/*
 * Copyright (C) 2019 The Android Open Source Project
 *
 * Licensed under the Apache License, Version 2.0 (the "License");
 * you may not use this file except in compliance with the License.
 * You may obtain a copy of the License at
 *
 *      http://www.apache.org/licenses/LICENSE-2.0
 *
 * Unless required by applicable law or agreed to in writing, software
 * distributed under the License is distributed on an "AS IS" BASIS,
 * WITHOUT WARRANTIES OR CONDITIONS OF ANY KIND, either express or implied.
 * See the License for the specific language governing permissions and
 * limitations under the License.
 */

package android.hardware.keymaster@4.1;

import @4.0::ErrorCode;
import @4.0::Tag;
import @4.0::TagType;

enum Tag : @4.0::Tag {
    /**
     * Keys tagged with EARLY_BOOT_ONLY may only be used, or created, during early boot, until
     * IKeymasterDevice::earlyBootEnded() is called.
     */
    EARLY_BOOT_ONLY = TagType:BOOL | 305,

    /**
     * DEVICE_UNIQUE_ATTESTATION is an argument to IKeymasterDevice::attestKey().  It indicates that
     * attestation using a device-unique key is requested, rather than a batch key.  When a
     * device-unique key is used, only the attestation certificate is returned; no additional
     * chained certificates are provided.  It's up to the caller to recognize the device-unique
     * signing key.  Only SecurityLevel::STRONGBOX IKeymasterDevices may support device-unique
     * attestations.  SecurityLevel::TRUSTED_ENVIRONMENT IKeymasterDevices must return
     * ErrorCode::INVALID_ARGUMENT if they receive DEVICE_UNIQUE_ATTESTATION.
     * SecurityLevel::STRONGBOX IKeymasterDevices need not support DEVICE_UNIQUE_ATTESTATION, and
     * return ErrorCode::CANNOT_ATTEST_IDS if they do not support it.
     *
     * IKeymasterDevice implementations that support device-unique attestation MUST add the
     * DEVICE_UNIQUE_ATTESTATION tag to device-unique attestations.
     */
    DEVICE_UNIQUE_ATTESTATION = TagType:BOOL | 720,

    /**
     * IDENTITY_CREDENTIAL_KEY is never used by IKeymasterDevice, is not a valid argument to key
     * generation or any operation, is never returned by any method and is never used in a key
     * attestation.  It is used in attestations produced by the IIdentityCredential HAL when that
     * HAL attests to Credential Keys.  IIdentityCredential produces Keymaster-style attestations.
     */
    IDENTITY_CREDENTIAL_KEY = TagType:BOOL | 721,

    /**
     * To prevent keys from being compromised if an attacker acquires read access to system / kernel
     * memory, some inline encryption hardware supports protecting storage encryption keys in hardware
     * without software having access to or the ability to set the plaintext keys.
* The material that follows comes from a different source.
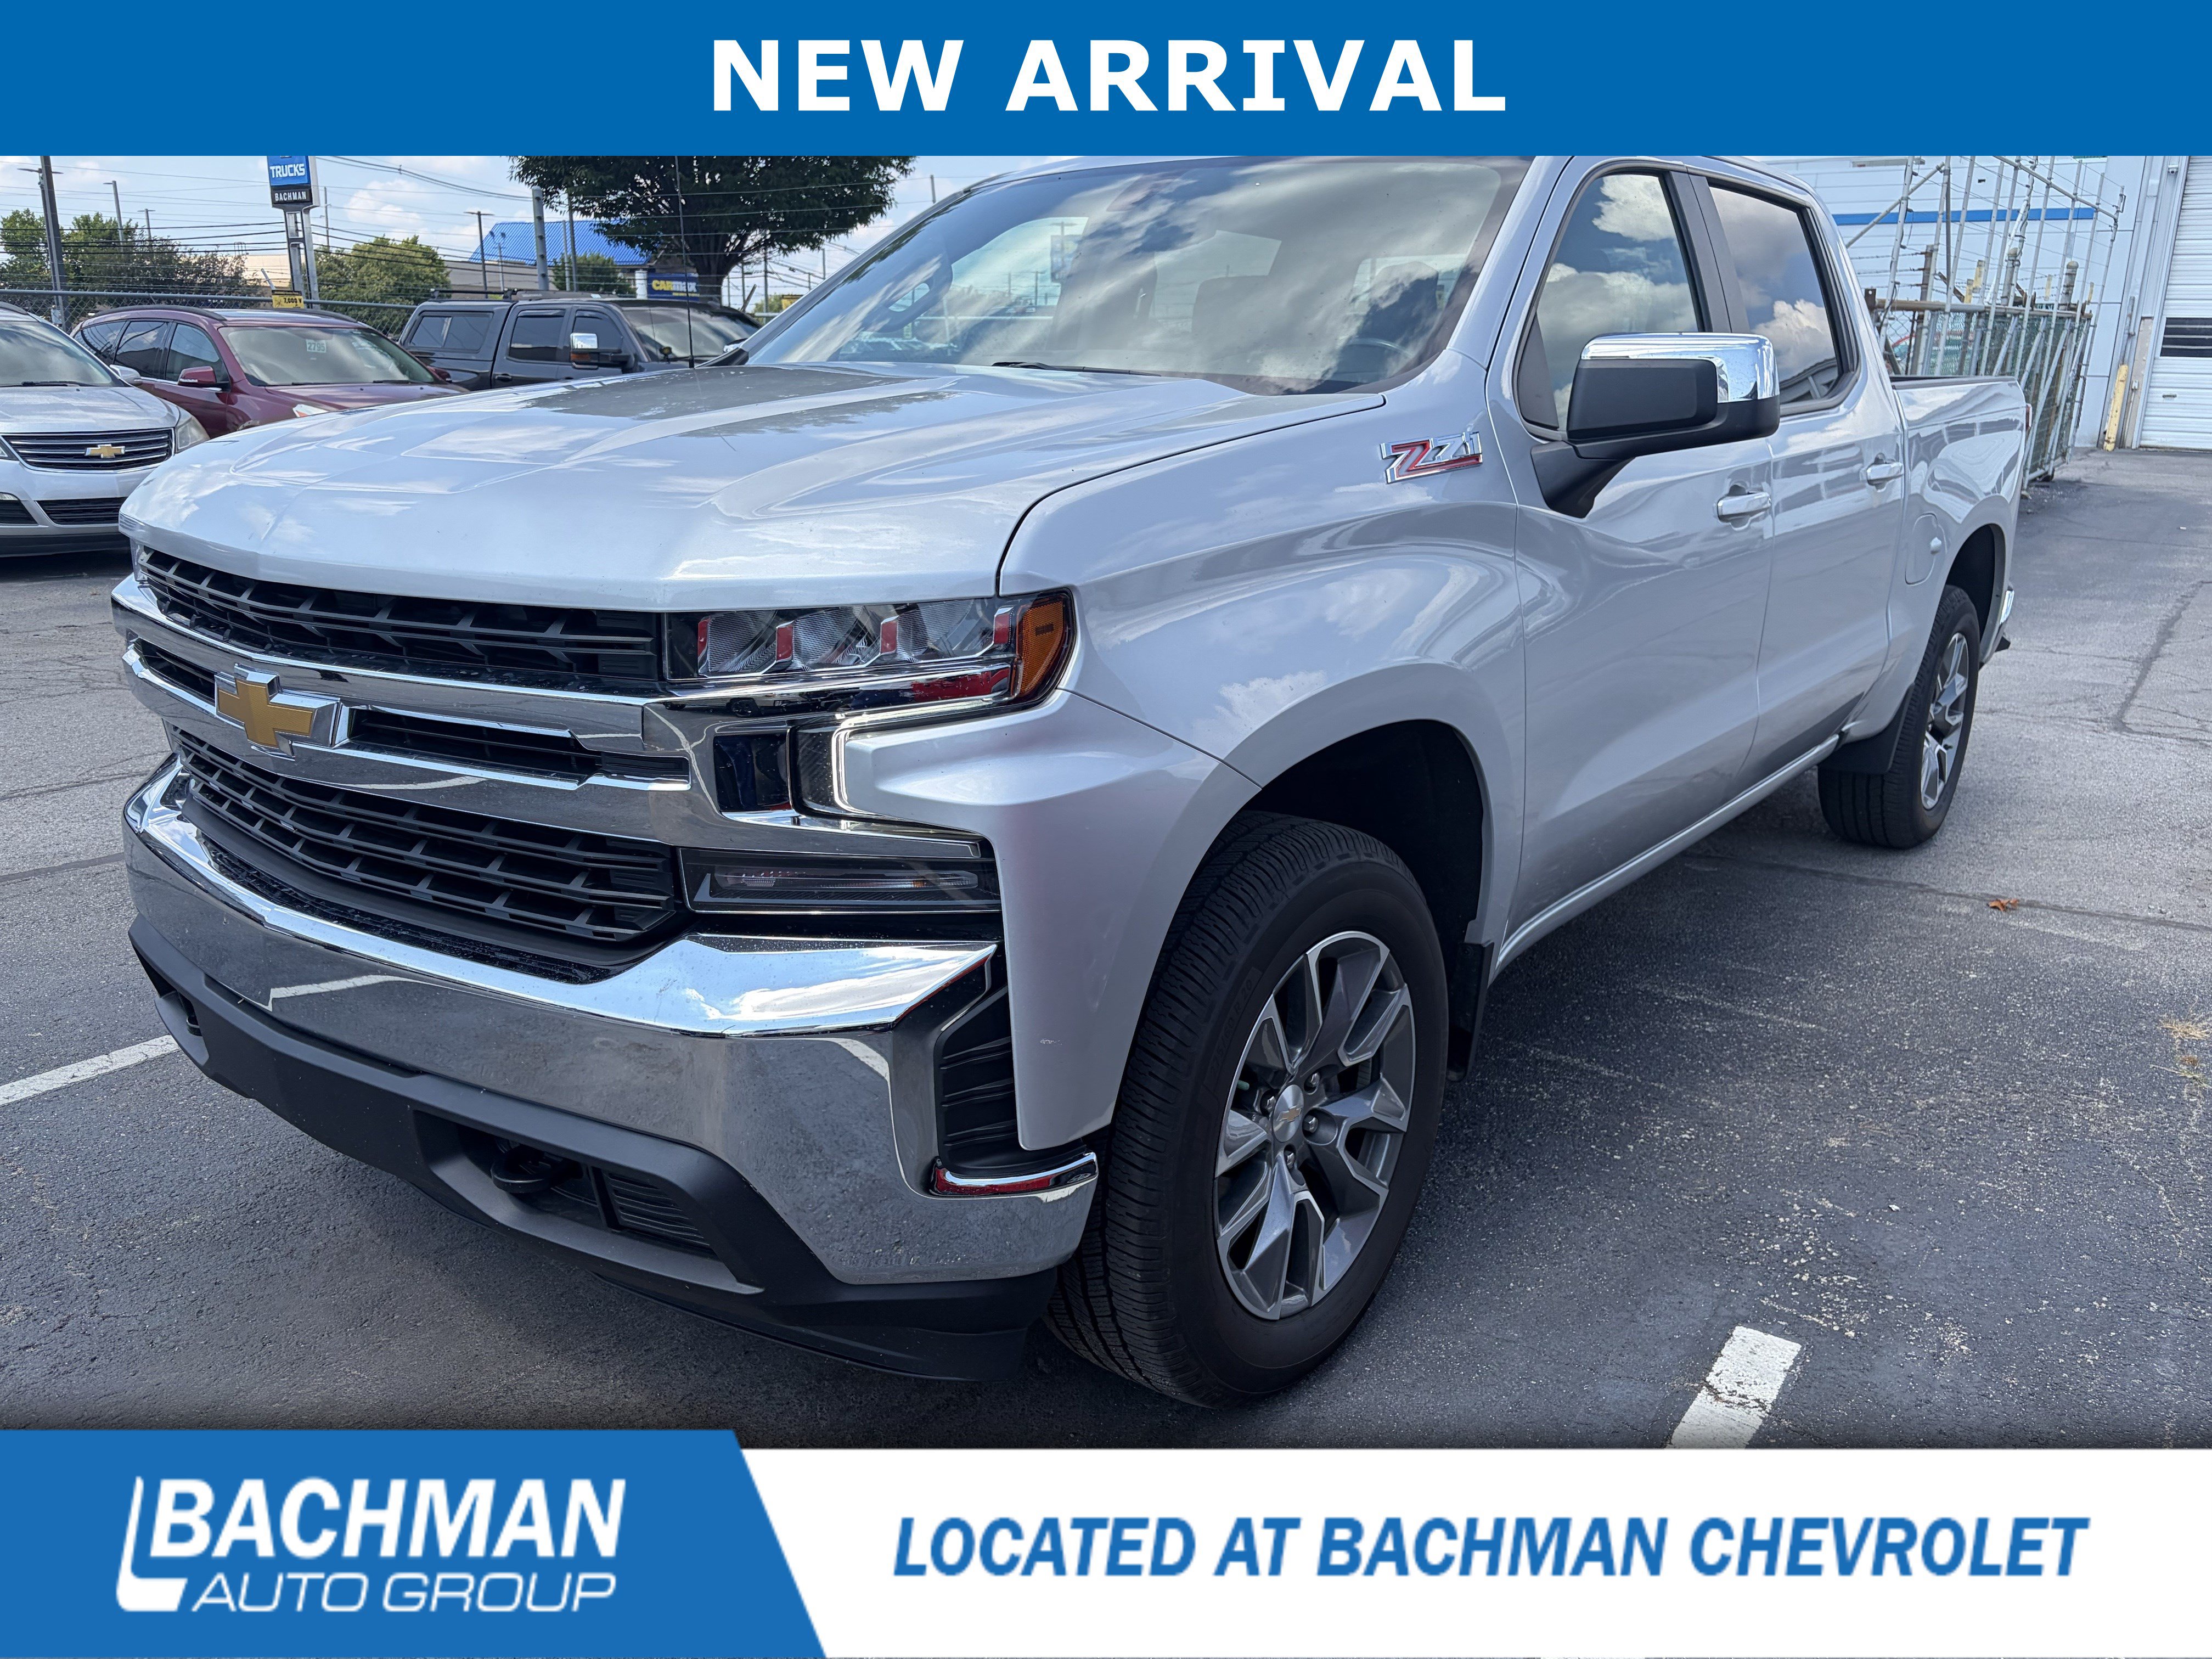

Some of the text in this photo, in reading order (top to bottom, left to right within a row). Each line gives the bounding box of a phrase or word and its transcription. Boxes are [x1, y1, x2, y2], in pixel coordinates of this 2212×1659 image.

[269, 164, 306, 178] TRUCKS
[274, 191, 307, 201] BACHMAN
[307, 342, 325, 352] 2795
[1380, 432, 1483, 484] Z71
Instead, software
     * only sees wrapped version of these keys.
     *
     * STORAGE_KEY is used to denote that a key generated or imported is a key used for storage
     * encryption. Keys of this type can either be generated or imported or secure imported using
     * keymaster. exportKey() can be used to re-wrap storage key with a per-boot ephemeral key wrapped
     * key once the key characteristics are enforced.
     *
     * Keys with this tag cannot be used for any operation within keymaster.
     * ErrorCode::INVALID_OPERATION is returned when a key with Tag::STORAGE_KEY is provided to
     * begin().
     */
    STORAGE_KEY = TagType:BOOL | 722,
};

enum ErrorCode : @4.0::ErrorCode {
    EARLY_BOOT_ENDED = -73,
    ATTESTATION_KEYS_NOT_PROVISIONED = -74,
    ATTESTATION_IDS_NOT_PROVISIONED = -75,
    INVALID_OPERATION = -76,
    STORAGE_KEY_UNSUPPORTED = -77,
};